4. Run the atop command to use the atop tool to analyze the memory usage of slabs and check whether the memory usage is high.
  The following figure shows a sample output.
  Determine whether the slab memory usage is high based on the command output.
5. Run the slabtop command to analyze the memory usage of slabs in more details.
  The following figure shows a sample output.
Perform the following operations to optimize memory:
- Release memory
  Important
  Before you release memory, we recommend that you run the sync command to ensure that all unwritten data in system caches, including modified inodes, deferred block I/O, and read-write mapping files, is written to disks.
  To clear the page cache, run the following command:
  - Clear page caches: sudo echo 1 > /proc/sys/vm/drop_caches
  - Clear directory and inode caches: sudo echo 2 > /proc/sys/vm/drop_caches
  - Clear page, directory, and inode caches: sudo echo 3 > /proc/sys/vm/drop_caches
  Note
  - The preceding operations are not harmful to the system, because they only release completely unused memory objects, and dirty data remains in use in memory until the data is written to disks.
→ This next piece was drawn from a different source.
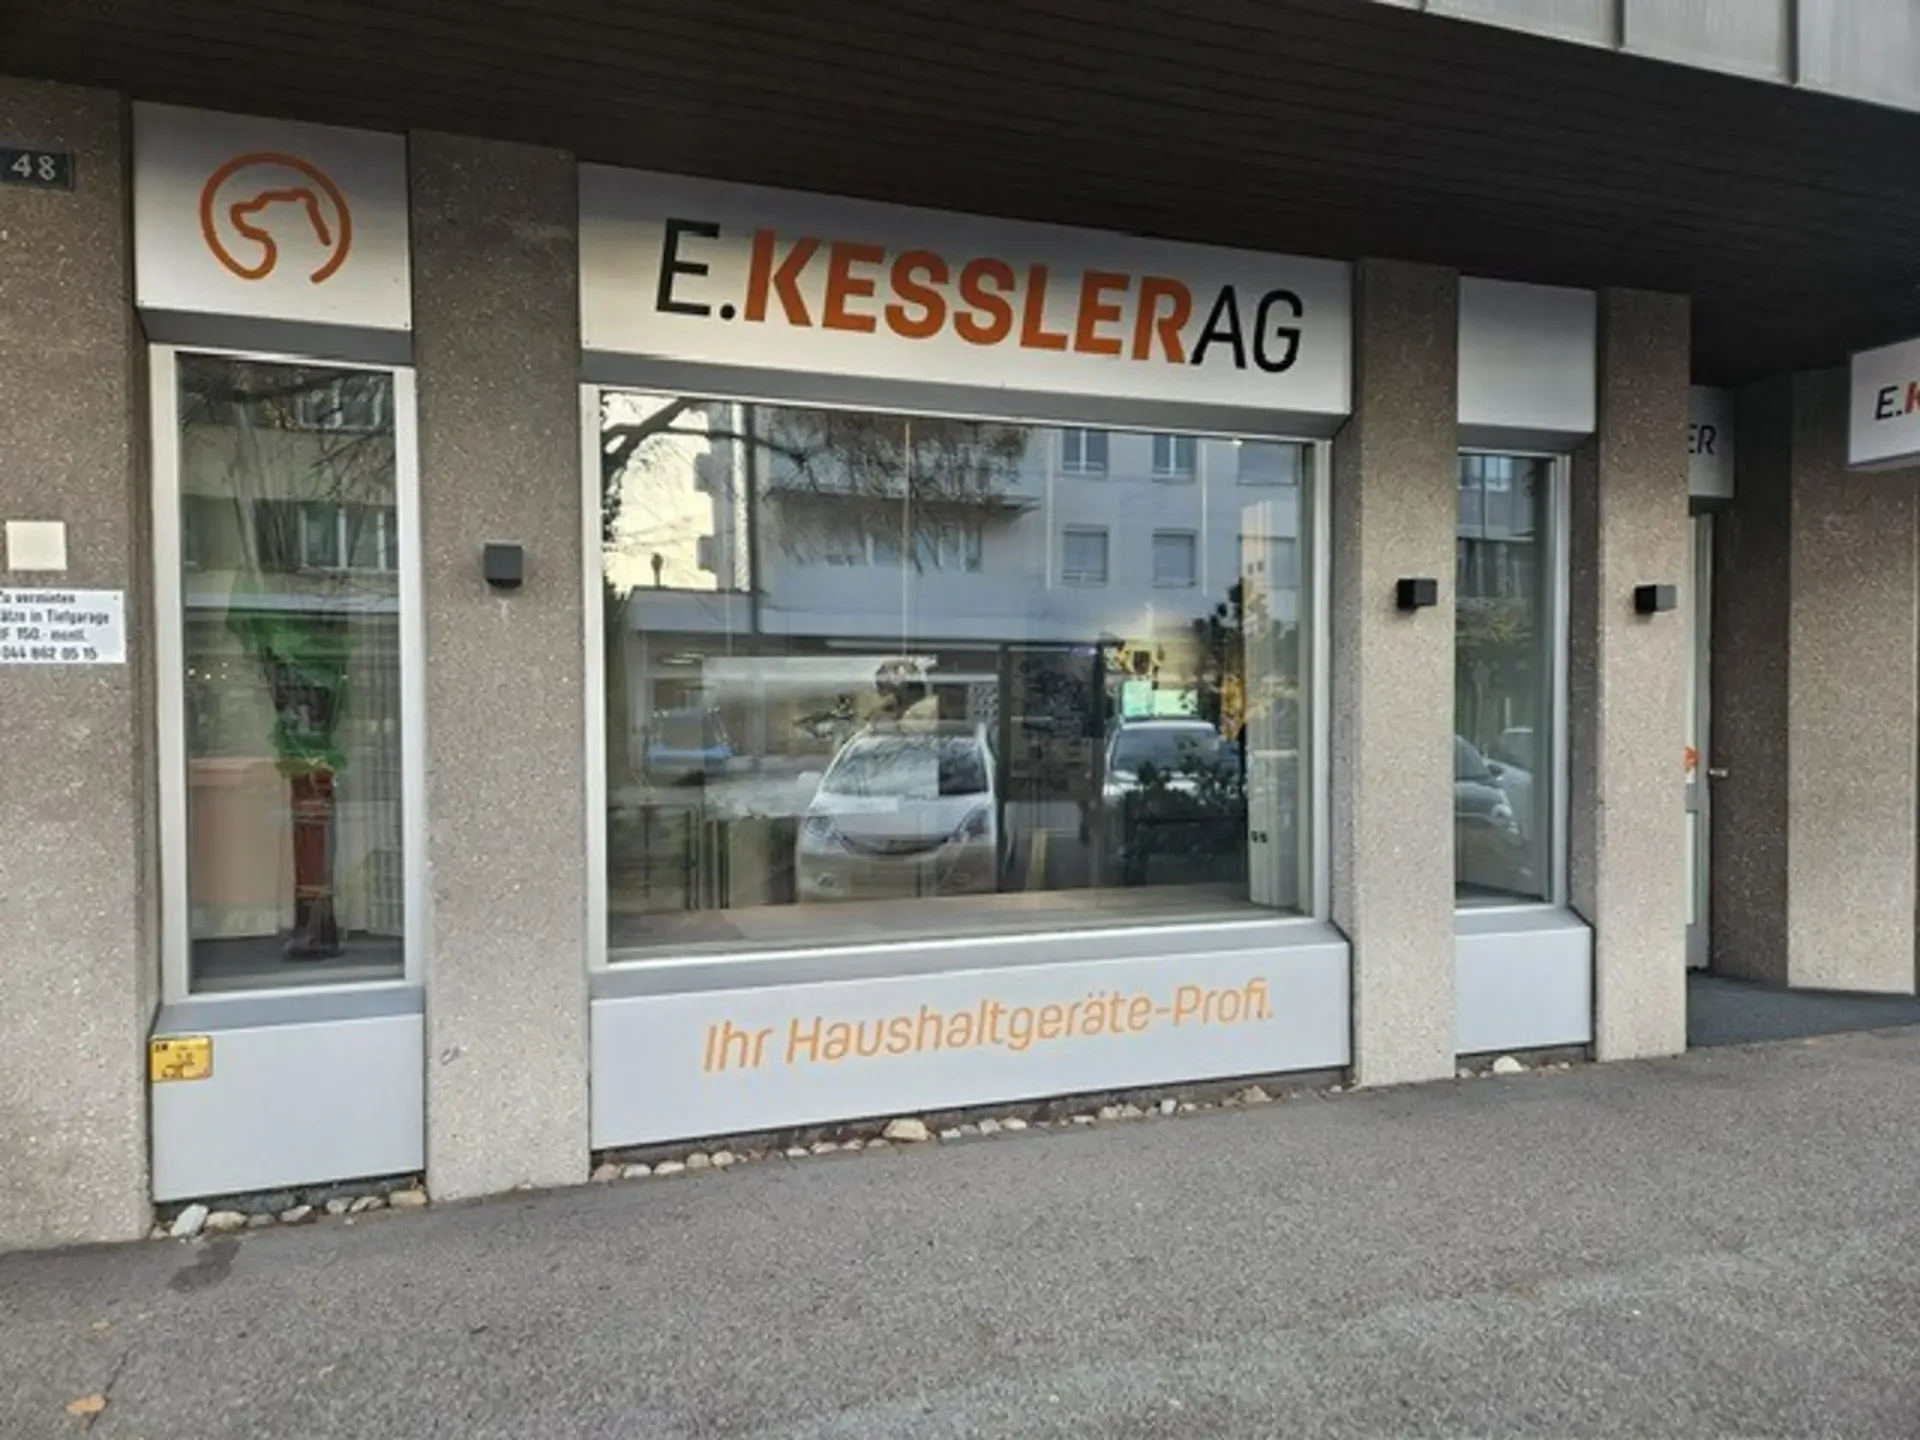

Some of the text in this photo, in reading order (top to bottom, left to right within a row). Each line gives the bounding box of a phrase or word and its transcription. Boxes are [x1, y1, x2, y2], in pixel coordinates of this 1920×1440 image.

  - If multiple executions of the sudo echo 3 > /proc/sys/vm/drop_caches command fail to clear the caches, run the sudo echo 0 > /proc/sys/vm/drop_caches command and then the sudo echo 3 > /proc/sys/vm/drop_caches command.
- Defragment memory
  If the system still has insufficient memory after releasing the memory, you can run the following command to defragment memory to resolve the issue of partial memory fragmentation:
  Note
  This operation consumes a large amount of CPU resources.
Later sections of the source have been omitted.